Rail line on the Berlin U-Bahn

The U7 is a rail line on the Berlin U-Bahn. It runs completely underground for a length of 31.8 km through 40 stations and connects Spandau, via Neukölln, to Gropiusstadt and Rudow. The U7 was originally the south-eastern branch of the Nord-Süd-Bahn (U6) that ran between the branching point at Belle-Alliance-Straße (Mehringdamm) and Grenzallee; however, in the 1960s, this stretch was separated from the rest of the line and extended at each end to form a new line.

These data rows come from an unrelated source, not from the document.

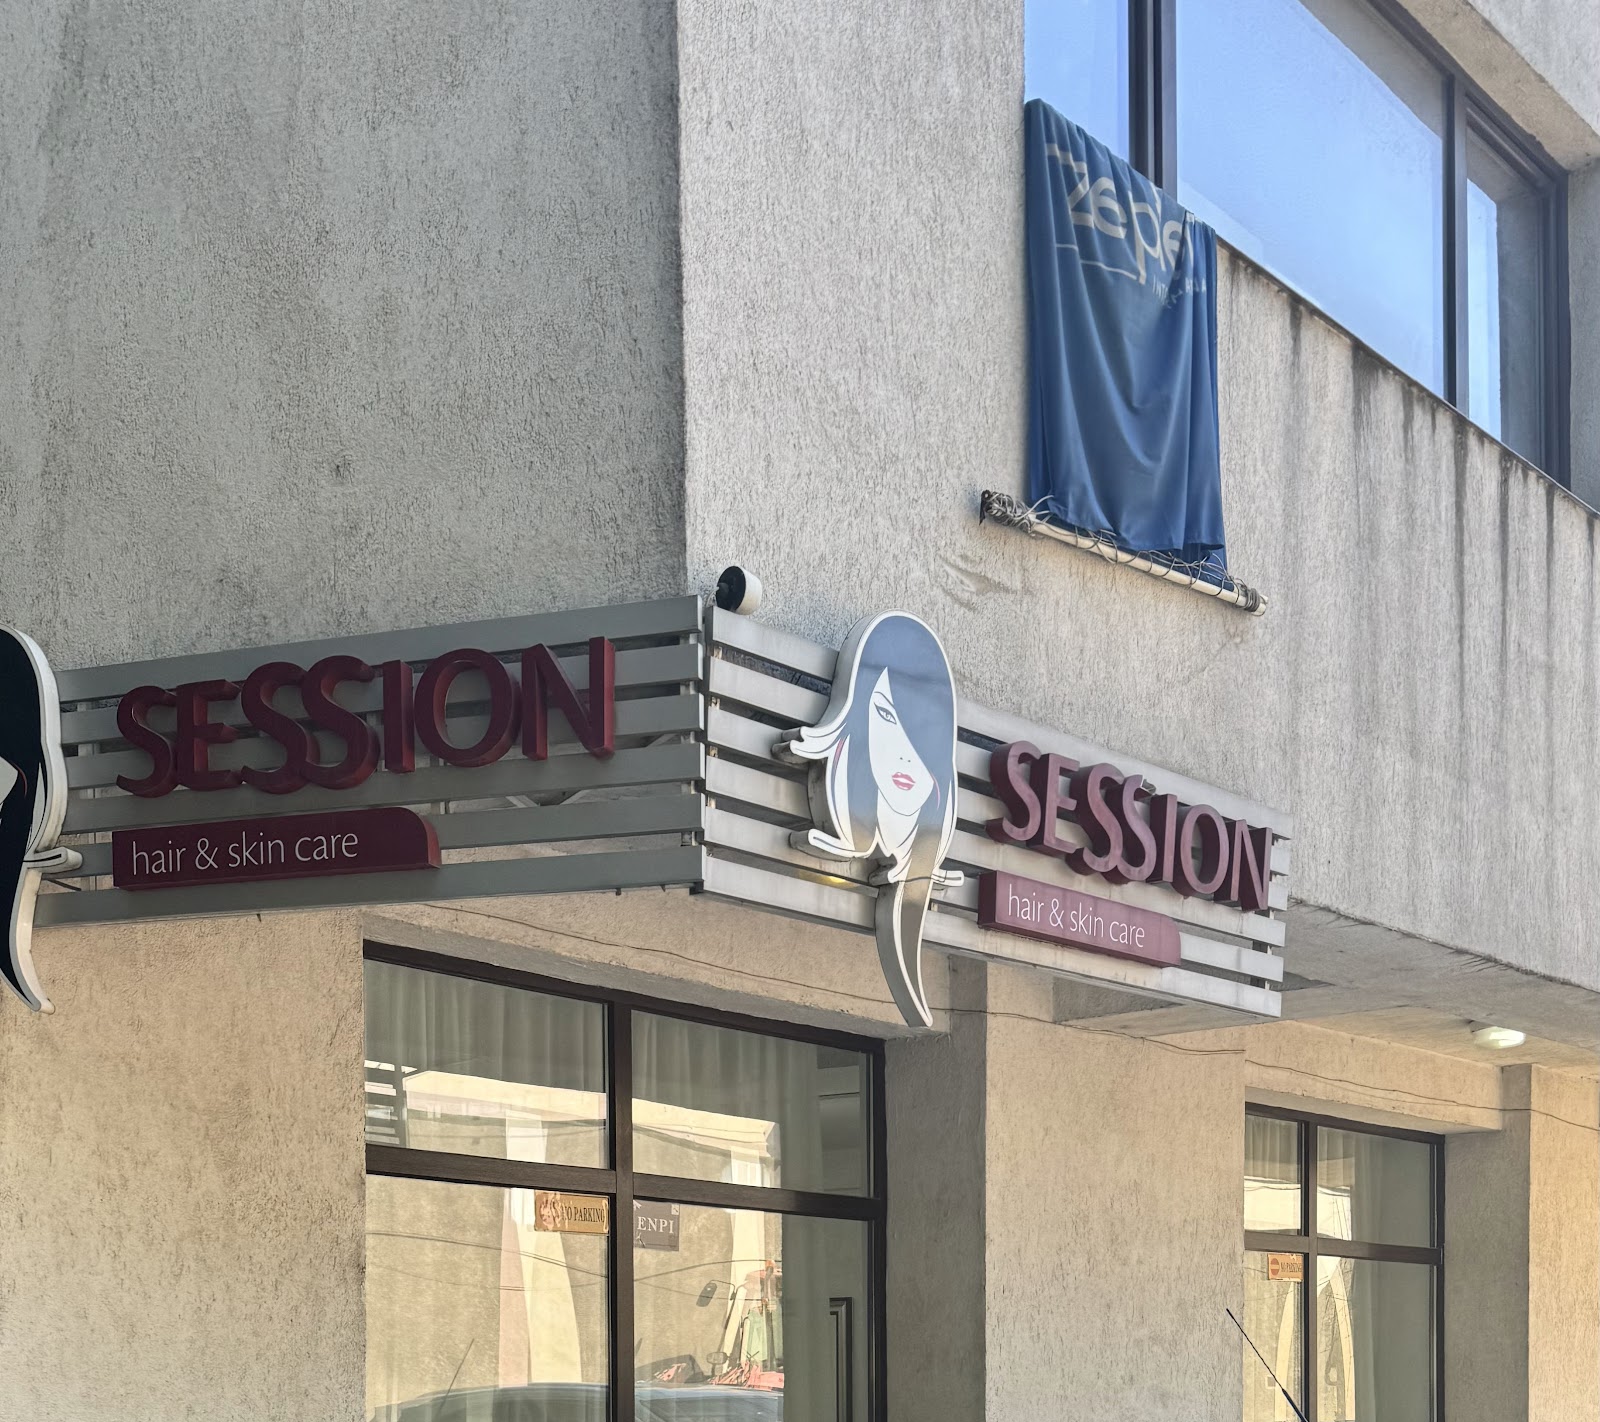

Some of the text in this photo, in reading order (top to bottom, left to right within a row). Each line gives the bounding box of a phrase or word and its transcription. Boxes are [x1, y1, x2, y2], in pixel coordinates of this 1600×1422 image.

[116, 636, 615, 798] SESSION
[131, 831, 359, 876] hair & skin care
[985, 740, 1272, 912] SESSION
[1007, 883, 1145, 948] hair & skin care
[574, 1206, 605, 1223] PARKING
[637, 1216, 675, 1234] ENPI
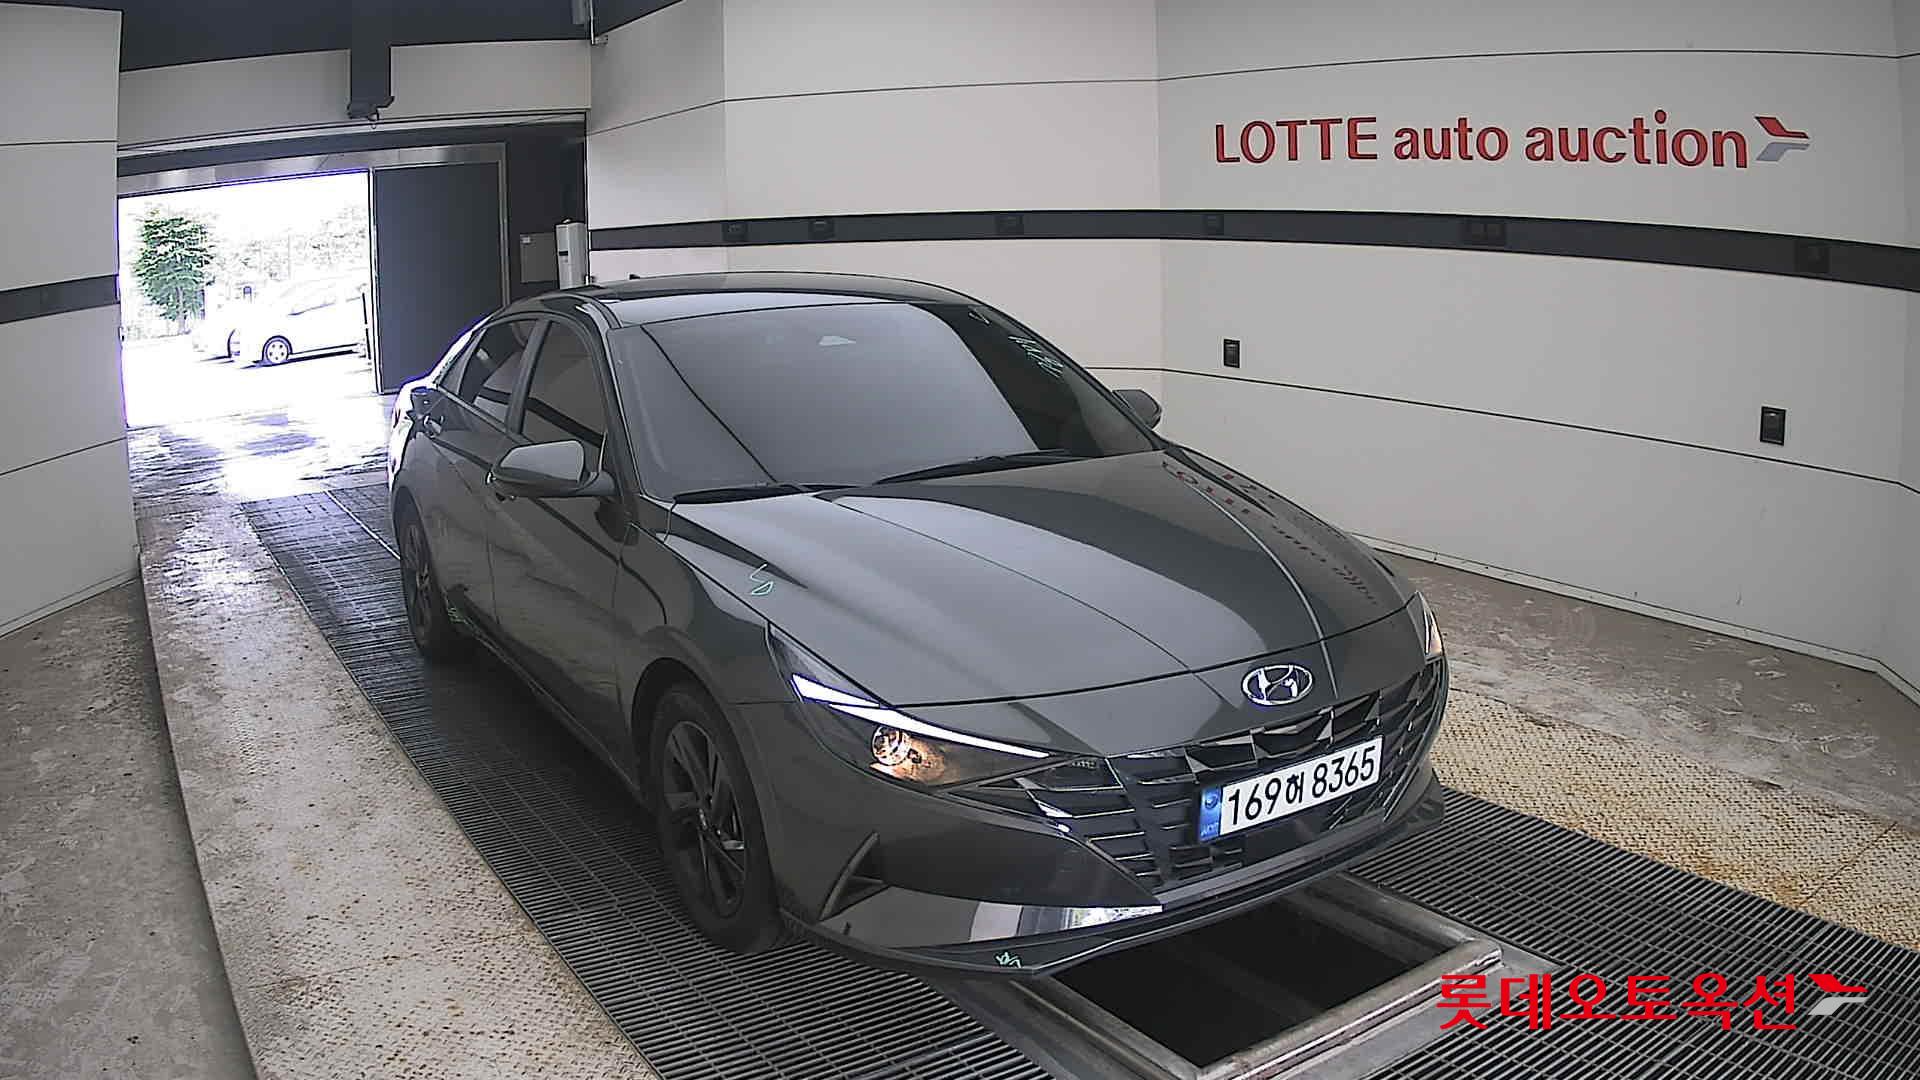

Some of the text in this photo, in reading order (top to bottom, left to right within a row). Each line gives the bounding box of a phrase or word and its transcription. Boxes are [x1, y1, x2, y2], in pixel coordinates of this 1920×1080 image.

The U7 is Berlin's longest underground line, both in terms of absolute length and total travel time, and one of the longest all-subterranean lines in Europe.

==Route==
Starting in Rudow, at the junction of Gross-Ziethener Chaussee and Neuköllner Straße, the U7 runs northwest below the road Alt-Rudow, before bearing west in the Gropiusstadt area. Because the settlement and underground construction there were planned simultaneously, the U7 follows no roads until it reaches Britz-Süd station, where it runs under Fritz-Reuter-Allee as far as Blaschkoallee station before joining the route of Buschkrugallee. It continues north, crossing the urban motorway and the Ringbahn while under Karl-Marx-Straße, then heads north-west under Hasenheide, Südstern, and Gneisenaustraße until it reaches Mehringdamm after a very sharp right curve. A tight left curve brings the U7 under the Tempelhofer Ufer (Tempelhof waterside) to Möckernbrücke station, with another taking it back and below the area of the former Anhalter Güterbahnhof (Anhalter goods station). The route continues west under Yorckstraße, Willmanndamm, Grunewaldstraße, Bayerischer Platz, and Berliner Straße, then heads north under Brandenburgische Straße to Adenauerplatz station.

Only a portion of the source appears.